My mind is a big ol’ pile of mush right now. It’s good mush, steaming on the plate with a dollop of butter and a splash of B-grade maple syrup.

The Novelists, Inc. conference in New York blew me away. I’m still processing. My brain hurts from the massive effort.

It’s astoundingly powerful to hang out with a group of novelists where the average member has had sixteen published books. You know I’m on the low end with three. Think of how many were on the high end.

I went to the conference with no game plan, no highlighted list of agents or editors to pitch, no stores to visit or people to impress. Having such an open mind made the experience even more pleasurable and valuable. I learned so much about the business even my toenails are smarter.

Some of you have heard the sad tale of my two devastating experiences with lit-fic folks days after I signed my first contract with UNM Press in 2003. I won’t go into details publicly, but can say that they shook me and that I worried about being part of the book biz, part of any writing community.

Shell-shocked and nervous, I went to my first Left Coast Crime and was met with pure generosity and warmth. From that, I concluded that mystery writers were the kindest anywhere. This conviction has proven true time and again.

But I’m starting to rethink its parameters.

At the Novelists, Inc. conference, I met writers who’d seen and done it all. Everything. They’d watching publishing lines born, crest and die. They’d had editors buy, leave houses and die. Agents had lauded their work, dumped them . . . and died. (There’s a book in here somewhere.)

Many of the attendees had reinvented themselves so many times they’d forgotten most of their pseudonyms, even the titles of their books.

You know what? They all still love to write. Every one feels there is more to learn, that his or her craft can be honed.

I didn’t witness an ounce of snobbery or self-satisfaction during my three days with them. These romance, science fiction, fantasy and mystery writers talked openly about their lessons learned rather than hold them close or keep secrets to get the upper hand.

On the plane back to Albuquerque, I wondered if my paradigm about mystery writers needed to be expanded.

It does.

Novelists — at least those who write genre fiction — are in the business of entertainment. It’s a glorious profession. And, IMHO, we’re in it together.

We’re the key to continued literacy. Without good, compelling fiction — books that a large audience wants to read — written works will go the way of the Edsel. (This, of course, extends to some nonfiction as well, but that’s another discussion.)

I think there are writers who lose sight of this commonality. They wear a kind of genre or subgenre superiority. Worse, many of them feel like they’re in a life/death race with every other novelist for the much-touted decreasing pool of readers, of book buyers.

Here’s my simple analysis:

There are sharer-novelists and competitive-novelists.

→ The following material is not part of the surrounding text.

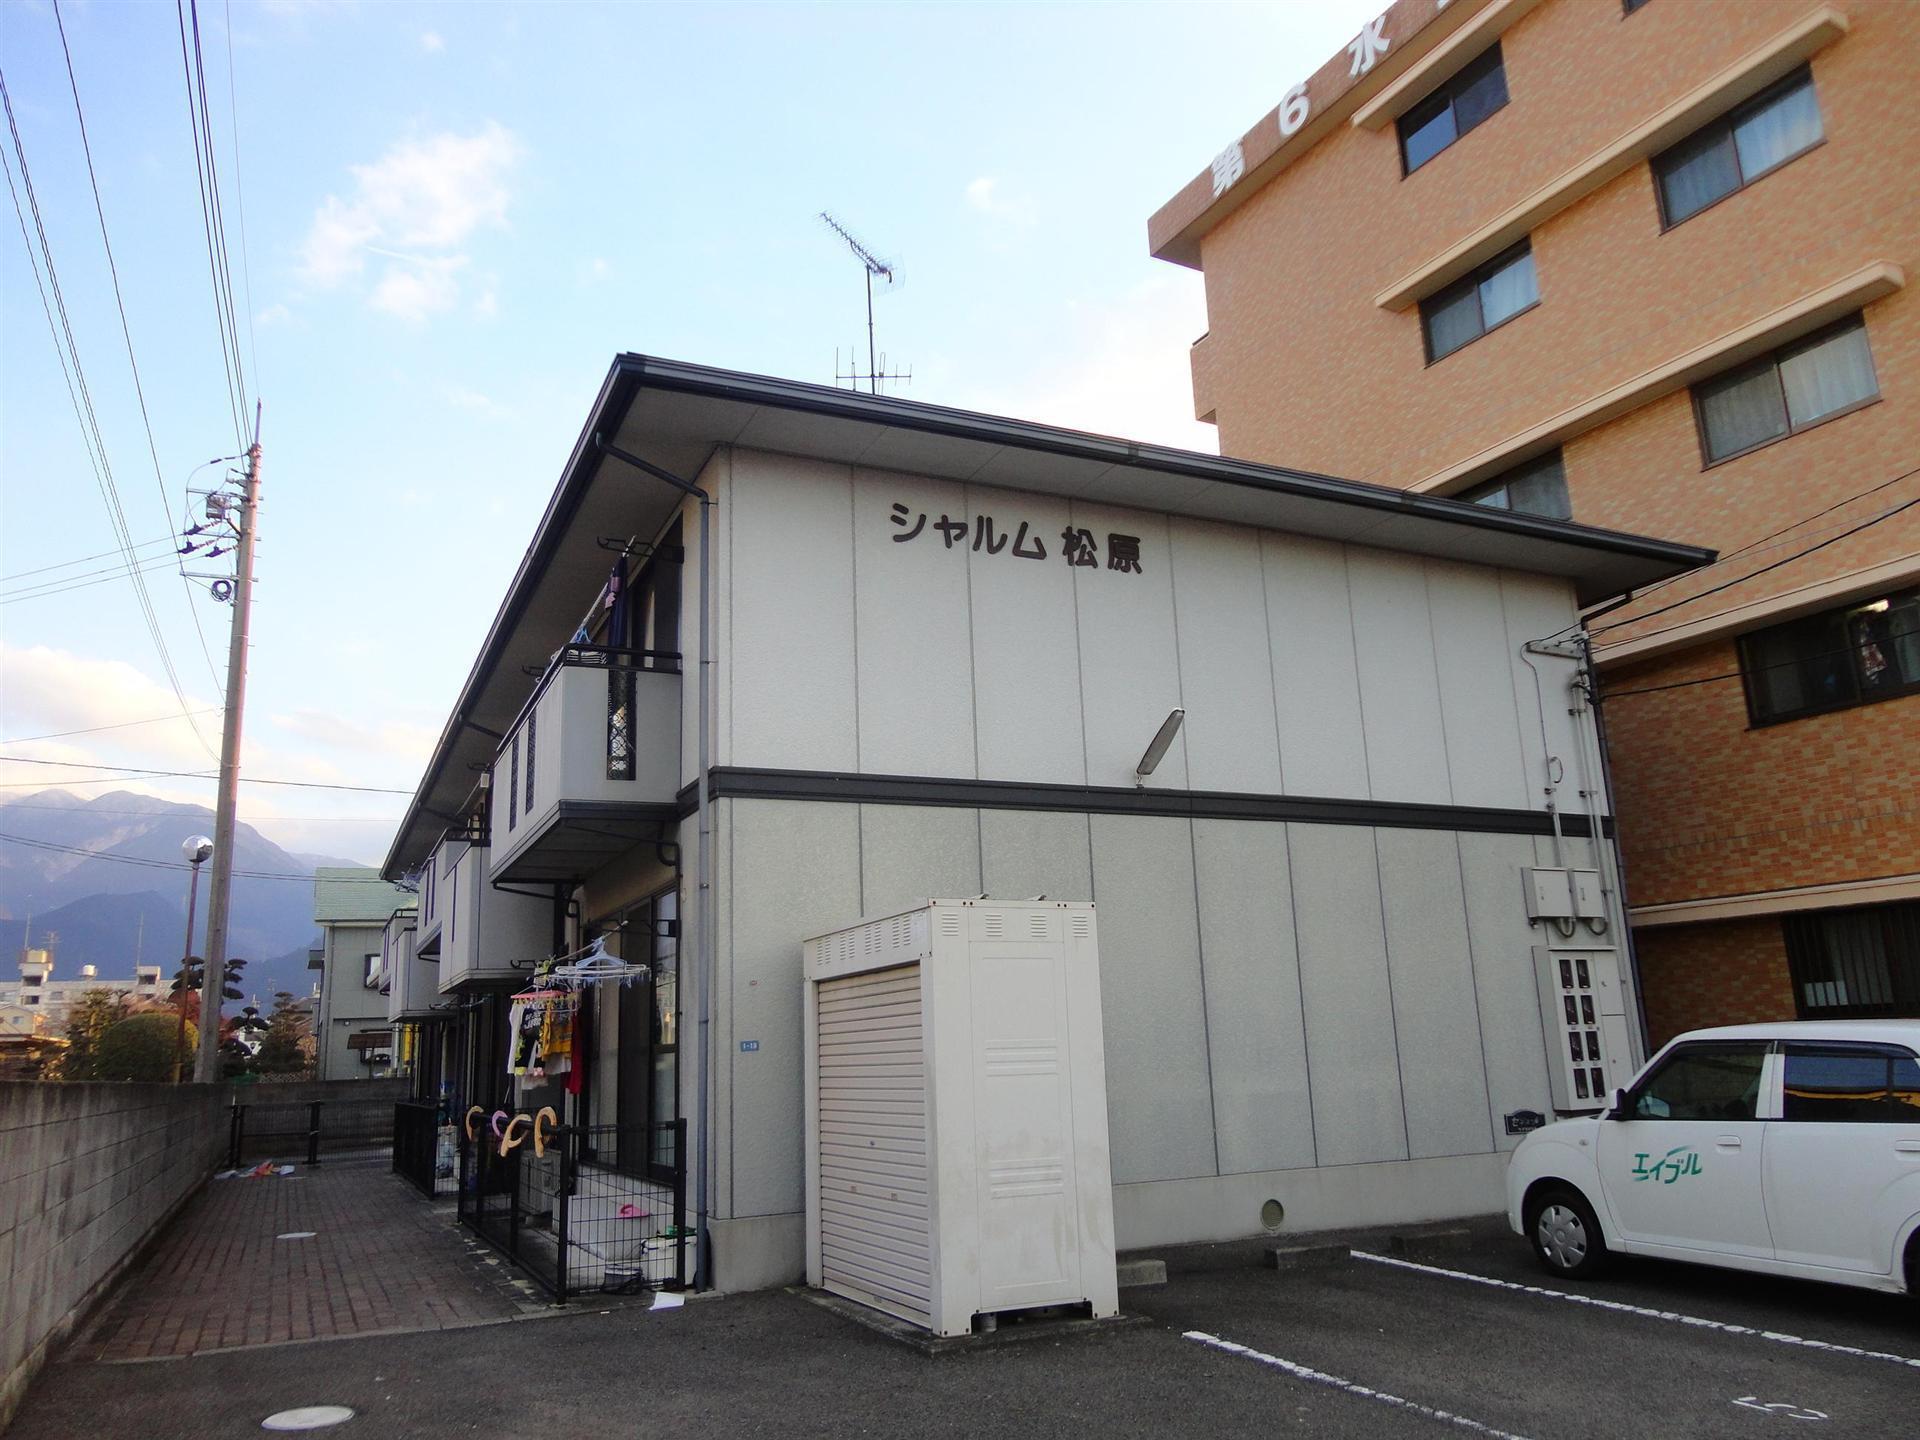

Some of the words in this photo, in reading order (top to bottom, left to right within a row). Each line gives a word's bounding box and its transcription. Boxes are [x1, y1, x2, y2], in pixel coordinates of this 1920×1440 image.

The sharers realize that information is indeed power, that the more we work together for readers, for our rights as creative entrepreneurs, for mutual success — the more we’ll all benefit.

The competitors start from the same place: information is power. Only, they want to keep it all to themselves. They belive it’s only possible to succeed by pushing the competition down. These are the people who denigrate other writers or genres in order to make themselves look better. Frankly, they spend a lot of time spreading negativity and worry.

We can learn a tremendous amount from each other across genres. Together we can either turn, or slow, the destructive tides and trends in publishing. We can unite for our common good AND readers’ good.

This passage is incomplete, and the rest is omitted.